I attended Uncle Mayhem‘s funeral about three weeks ago. At my aunt’s house before we went to the church, I’d been there about ten minutes before I noticed Kiddo1 looking shocked. I pulled him aside and said, “This is how Italian funerals work. We laugh.”
There’s the initial greeting, of course, the condolences and the comfort. And then within five minutes, you have the first outrageous story involving the deceased, and after that you’re pretty much off to the races. That’s how it is in my family, and because that’s all I ever knew, I’d assumed that’s just how funerals go.

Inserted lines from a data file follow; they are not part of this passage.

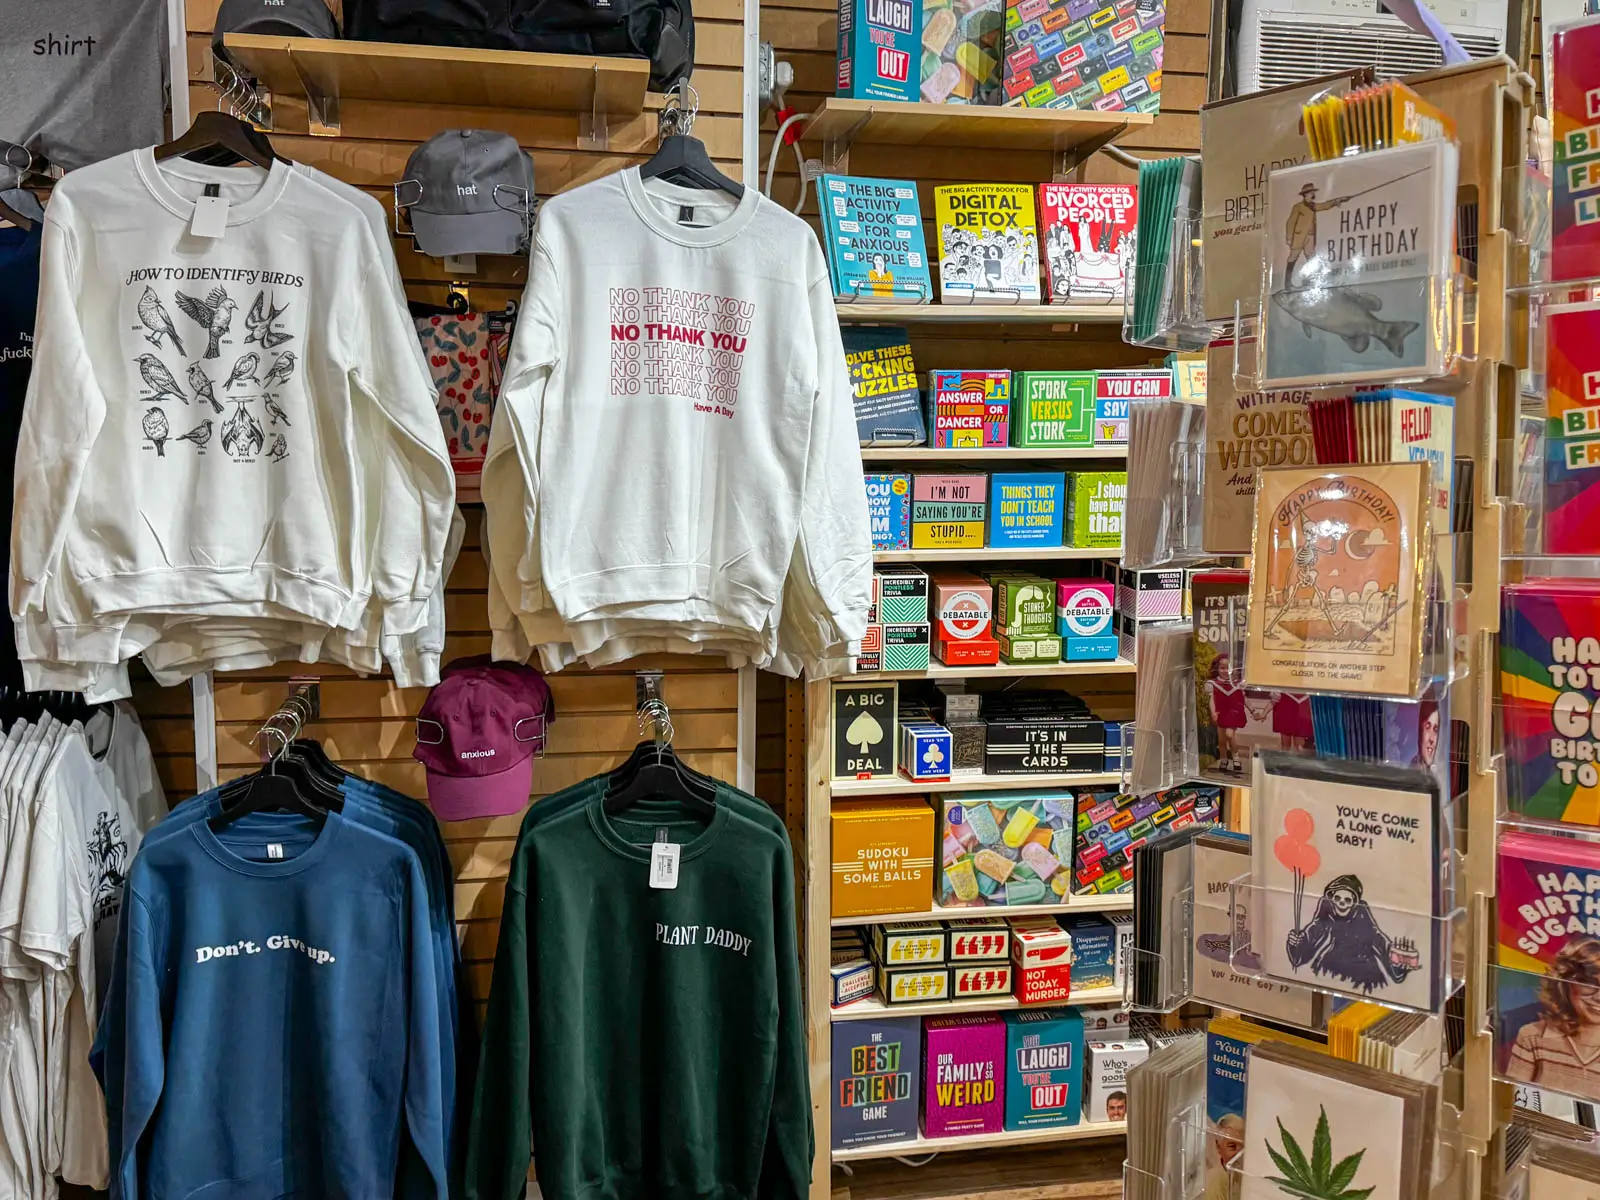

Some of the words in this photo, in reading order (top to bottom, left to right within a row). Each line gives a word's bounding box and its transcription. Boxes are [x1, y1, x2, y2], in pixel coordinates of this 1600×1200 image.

[868, 0, 910, 30] LAUGH
[33, 32, 96, 57] shirt
[881, 50, 904, 78] OUT
[840, 62, 849, 83] OUT
[457, 184, 478, 196] hat
[849, 184, 872, 197] THE
[875, 186, 896, 198] BIG
[846, 198, 901, 211] ACTIVITY
[950, 195, 1022, 210] DIGITAL
[1046, 192, 1134, 208] DIVORCED
[857, 212, 895, 224] BOOK
[955, 212, 1018, 227] DETOX
[1058, 207, 1126, 224] PEOPLE
[1340, 201, 1398, 234] HAPPY
[864, 226, 890, 237] FOR
[851, 238, 909, 252] ANXIOUS
[1327, 227, 1419, 263] BIRTHDAY
[126, 268, 162, 285] HOW
[162, 268, 184, 279] TO
[187, 268, 258, 285] IDENTIFY
[261, 272, 304, 287] BIRDS
[609, 288, 640, 305] NO
[643, 287, 711, 312] THANK
[714, 296, 755, 319] YOU
[610, 306, 640, 323] NO
[643, 306, 708, 329] THANK
[712, 314, 751, 336] YOU
[611, 324, 640, 341] NO
[644, 324, 706, 347] THANK
[711, 332, 747, 353] YOU
[611, 342, 640, 359] NO
[644, 342, 704, 364] THANK
[708, 349, 743, 371] YOU
[876, 344, 912, 359] THESE
[611, 360, 640, 377] NO
[644, 360, 703, 381] THANK
[706, 367, 740, 388] YOU
[611, 378, 640, 395] NO
[644, 378, 701, 399] THANK
[704, 383, 738, 405] YOU
[1032, 380, 1068, 400] SPORK
[1107, 379, 1131, 396] YOU
[1133, 379, 1161, 396] CAN
[938, 392, 983, 403] ANSWER
[1237, 391, 1276, 410] WITH
[1280, 391, 1312, 405] AGE
[694, 402, 712, 413] Have
[714, 405, 721, 415] A
[722, 406, 734, 419] Day
[989, 406, 1003, 414] OR
[1031, 400, 1073, 420] VERSUS
[1103, 401, 1129, 417] SAY
[937, 416, 982, 428] DANCER
[1401, 406, 1432, 444] HELLO!
[1029, 421, 1065, 441] STORK
[1226, 472, 1253, 485] And
[930, 486, 946, 499] I'M
[952, 486, 970, 499] NOT
[1002, 486, 1032, 499] THINGS
[1034, 485, 1055, 498] THEY
[916, 506, 948, 519] SAYING
[951, 506, 982, 519] YOU'RE
[1001, 501, 1024, 514] DON'T
[1027, 500, 1055, 513] TEACH
[1090, 499, 1108, 513] have
[1001, 515, 1015, 527] YOU
[1016, 515, 1024, 526] IN
[1026, 515, 1053, 526] SCHOOL
[1023, 601, 1045, 613] STONER
[1066, 608, 1110, 616] DEBATABLE
[943, 611, 989, 619] DEBATABLE
[1024, 613, 1052, 624] THOUGHTS
[1272, 660, 1328, 669] CONGRATULATIONS
[1339, 663, 1367, 671] ANOTHER
[845, 695, 855, 706] A
[860, 694, 884, 706] BIG
[1025, 731, 1049, 742] IT'S
[1054, 731, 1067, 742] IN
[461, 747, 496, 759] anxious
[1034, 744, 1058, 754] THE
[847, 758, 882, 770] DEAL
[1022, 756, 1069, 767] CARDS
[1336, 805, 1378, 821] YOU'VE
[1381, 813, 1419, 828] COME
[1336, 819, 1345, 830] A
[1349, 820, 1382, 835] LONG
[1386, 827, 1415, 843] WAY,
[1336, 832, 1373, 849] BABY!
[857, 847, 909, 859] SUDOKU
[868, 860, 898, 870] WITH
[843, 873, 879, 884] SOME
[884, 870, 922, 881] BALLS
[655, 922, 699, 946] PLANT
[704, 926, 752, 957] DADDY
[1518, 915, 1600, 955] SUGAR
[195, 940, 261, 963] Don't.
[266, 935, 305, 952] Give
[307, 946, 336, 964] up.
[1026, 970, 1046, 981] NOT
[1211, 968, 1225, 978] YOU
[1257, 980, 1274, 991] GOT
[1026, 979, 1059, 991] TODAY.
[1026, 988, 1069, 1002] MURDER.
[871, 1033, 883, 1043] THE
[1023, 1034, 1040, 1048] YOU
[1215, 1040, 1240, 1056] You
[854, 1044, 899, 1074] BEST
[937, 1053, 953, 1064] OUR
[1021, 1046, 1067, 1070] LAUGH
[1102, 1059, 1128, 1069] Who's
[1213, 1054, 1245, 1069] when
[937, 1062, 984, 1083] FAMILY
[986, 1061, 993, 1070] IS
[985, 1070, 994, 1079] SO
[843, 1074, 909, 1105] FRIEND
[936, 1080, 995, 1107] WEIRD
[1035, 1086, 1063, 1107] OUT
[863, 1106, 888, 1120] GAME

Kiddo1, who assumed for some reason that a funeral would be filled with sad, crying people, had no idea what to make of the dissonance. But in my family, that’s how we mourn. We share. We laugh together. If we can laugh at something, we can make it through.
My father tells me Irish funerals are the same. My Patient Husband, on the other hand, says no, in his family that kind of thing never happens.
“Your relatives are more colorful,” he says. “There aren’t family tall tales like that.”
I said, “Come on,” and told a story about Uncle Mayhem and my grandfather that involved unpasteurized milk and a real-life dose of farm animals. “No,” my Patient Husband said. “My mother would be mortified if someone told a story like that about her at her wake, something crazy and a little embarrassing.”
Until that moment, I hadn’t thought about that story as even remotely embarrassing. Uncle Mayhem was on the receiving end of the laughter, but if he’d been there, he’d have taken over telling the story from my aunt and probably hammed it up even more. Embarrassed? No, he’d have laughed loudly and probably slapped the table and then followed it up with an even funnier story.
Well, that’s what I want. If I show up in ghostly form at my own wake, I want to hear laughter. I want to hear funny stories spanning back decades, key moments that exemplify what we all loved about each other, maybe a little exaggeration here and there, but overall a sense that we all truly lived our lives as who we are.
No punches pulled, no pretending I lived a life of dignity and reservation. Life is story. So talk about the time I went all New-Yorker on that employee who mistreated my kid or how I turned in the gas station manager engaged in insurance fraud. Laugh about the time I bit into kim chee without knowing what it was and saw actual sparks.
If I were there, I’d be laughing right along with you. I’d probably tell you some detail you forgot, and that would lead to another story still.